»»

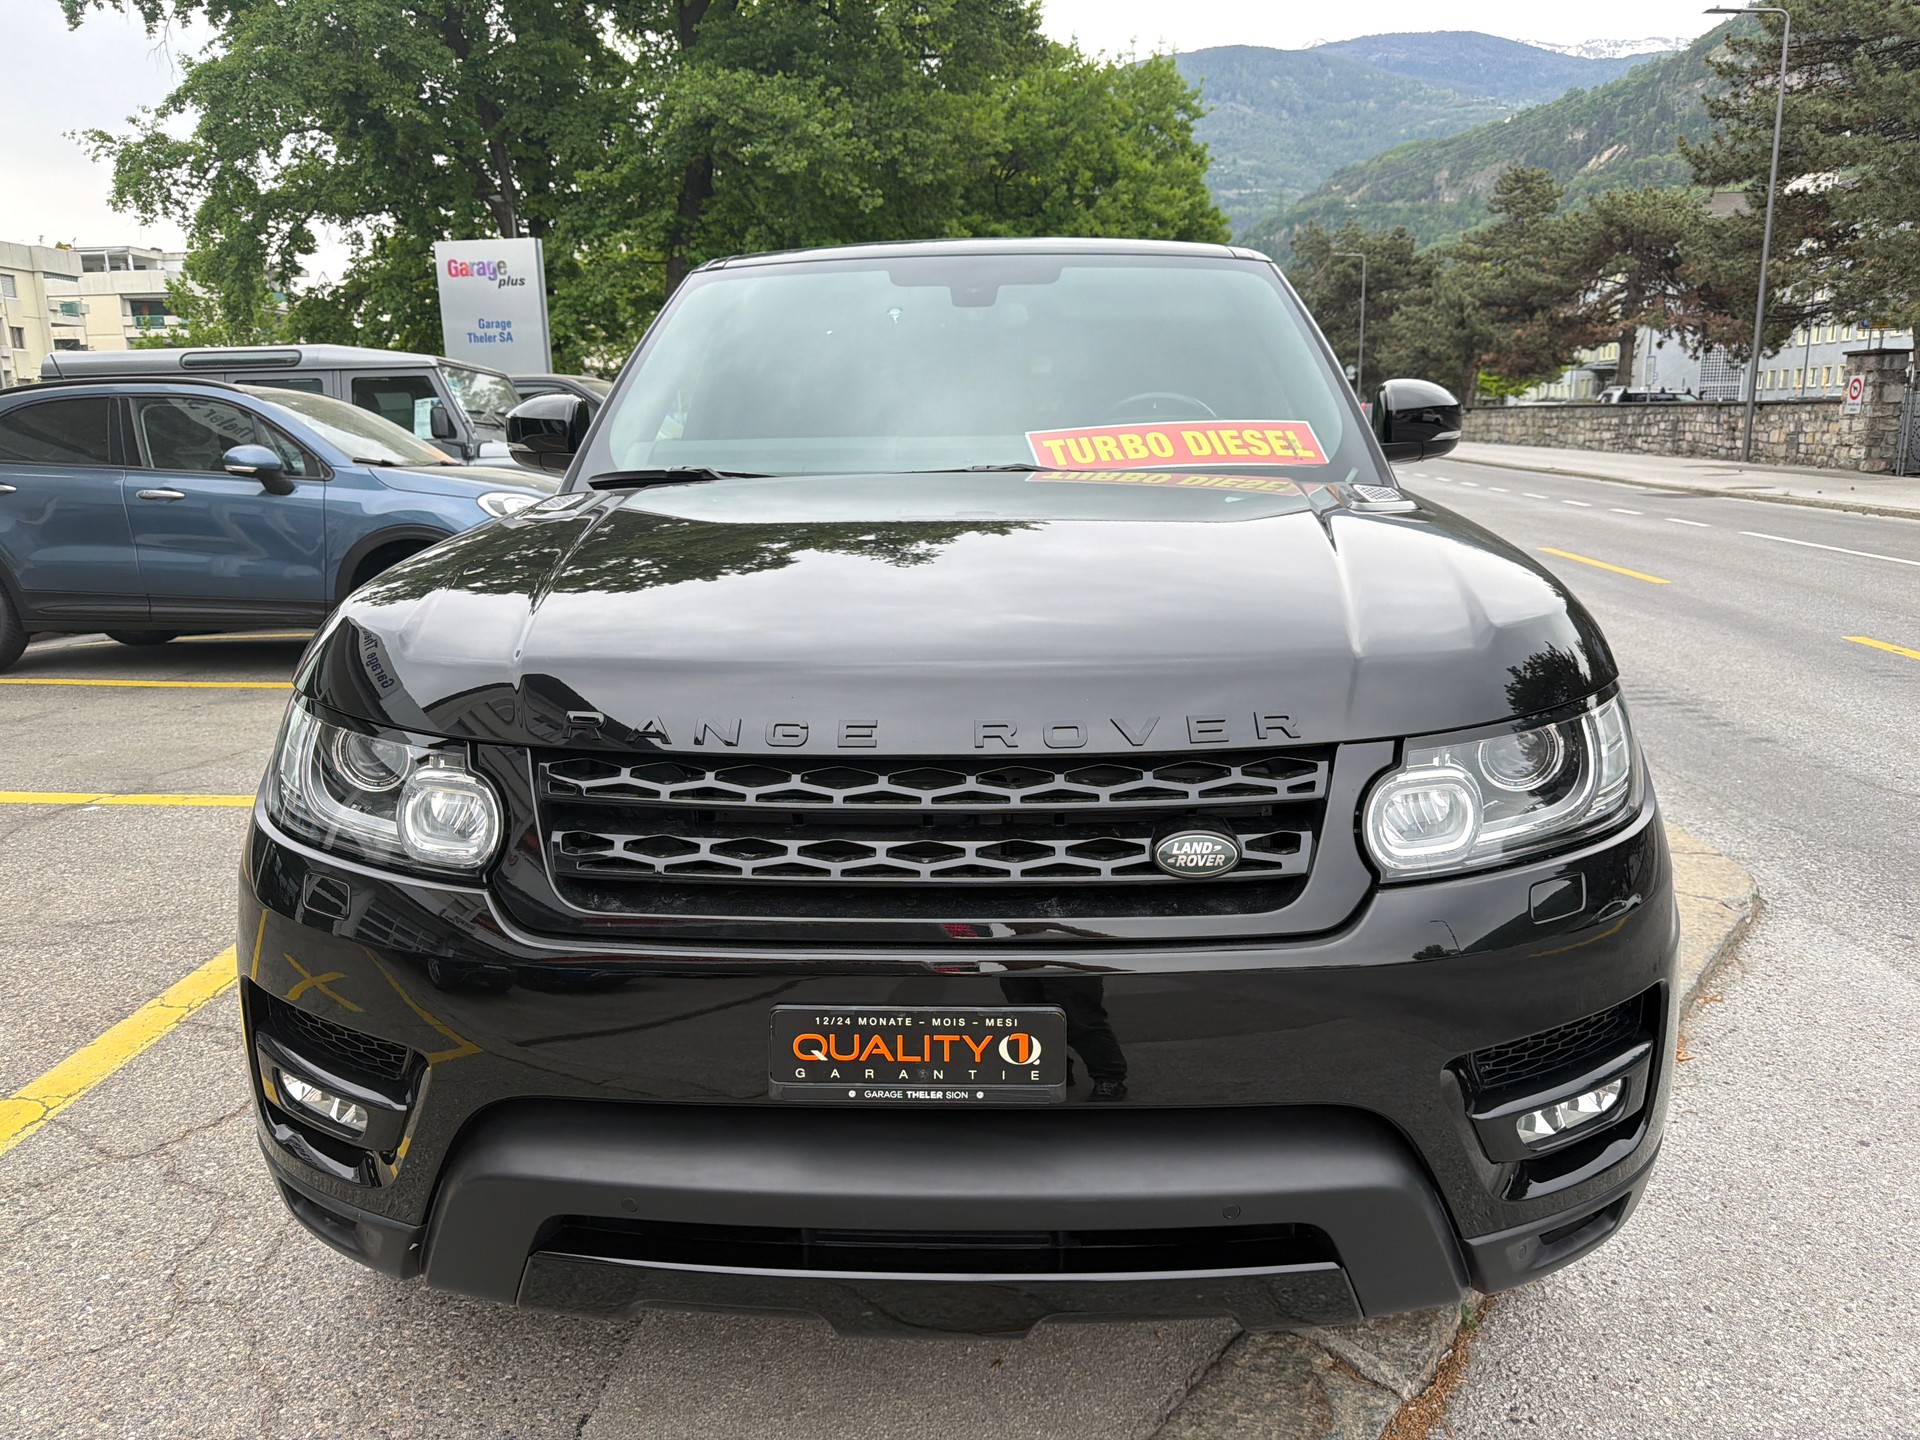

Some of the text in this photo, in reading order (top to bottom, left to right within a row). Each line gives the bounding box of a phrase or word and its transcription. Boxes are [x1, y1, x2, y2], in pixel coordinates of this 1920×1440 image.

[447, 259, 507, 281] Garage
[498, 275, 526, 289] plus
[478, 318, 512, 331] Garage
[467, 332, 513, 343] Theler SA
[1043, 429, 1315, 466] TURBO DIESEL
[562, 710, 1301, 749] RANGE ROVER
[1172, 842, 1213, 854] LAND
[1175, 854, 1225, 867] ROVER
[815, 1017, 851, 1026] 12/24
[858, 1017, 912, 1027] MONATE
[932, 1018, 965, 1027] MOIS
[985, 1018, 1018, 1027] MESI
[792, 1033, 993, 1063] QUALITY
[795, 1068, 1040, 1081] GARANTIE
[864, 1090, 969, 1099] GARAGE THELER SION

««

• EXERCISE OBJECTIVE: Write the entries out in full and exactly, omitting every picture.

• EXPECTED OUTPUT:
Some of the text in this photo, in reading order (top to bottom, left to right within a row). Each line gives the bounding box of a phrase or word and its transcription. Boxes are [x1, y1, x2, y2], in pixel coordinates of this 1920×1440 image.

[447, 259, 507, 281] Garage
[498, 275, 526, 289] plus
[478, 318, 512, 331] Garage
[467, 332, 513, 343] Theler SA
[1043, 429, 1315, 466] TURBO DIESEL
[562, 710, 1301, 749] RANGE ROVER
[1172, 842, 1213, 854] LAND
[1175, 854, 1225, 867] ROVER
[815, 1017, 851, 1026] 12/24
[858, 1017, 912, 1027] MONATE
[932, 1018, 965, 1027] MOIS
[985, 1018, 1018, 1027] MESI
[792, 1033, 993, 1063] QUALITY
[795, 1068, 1040, 1081] GARANTIE
[864, 1090, 969, 1099] GARAGE THELER SION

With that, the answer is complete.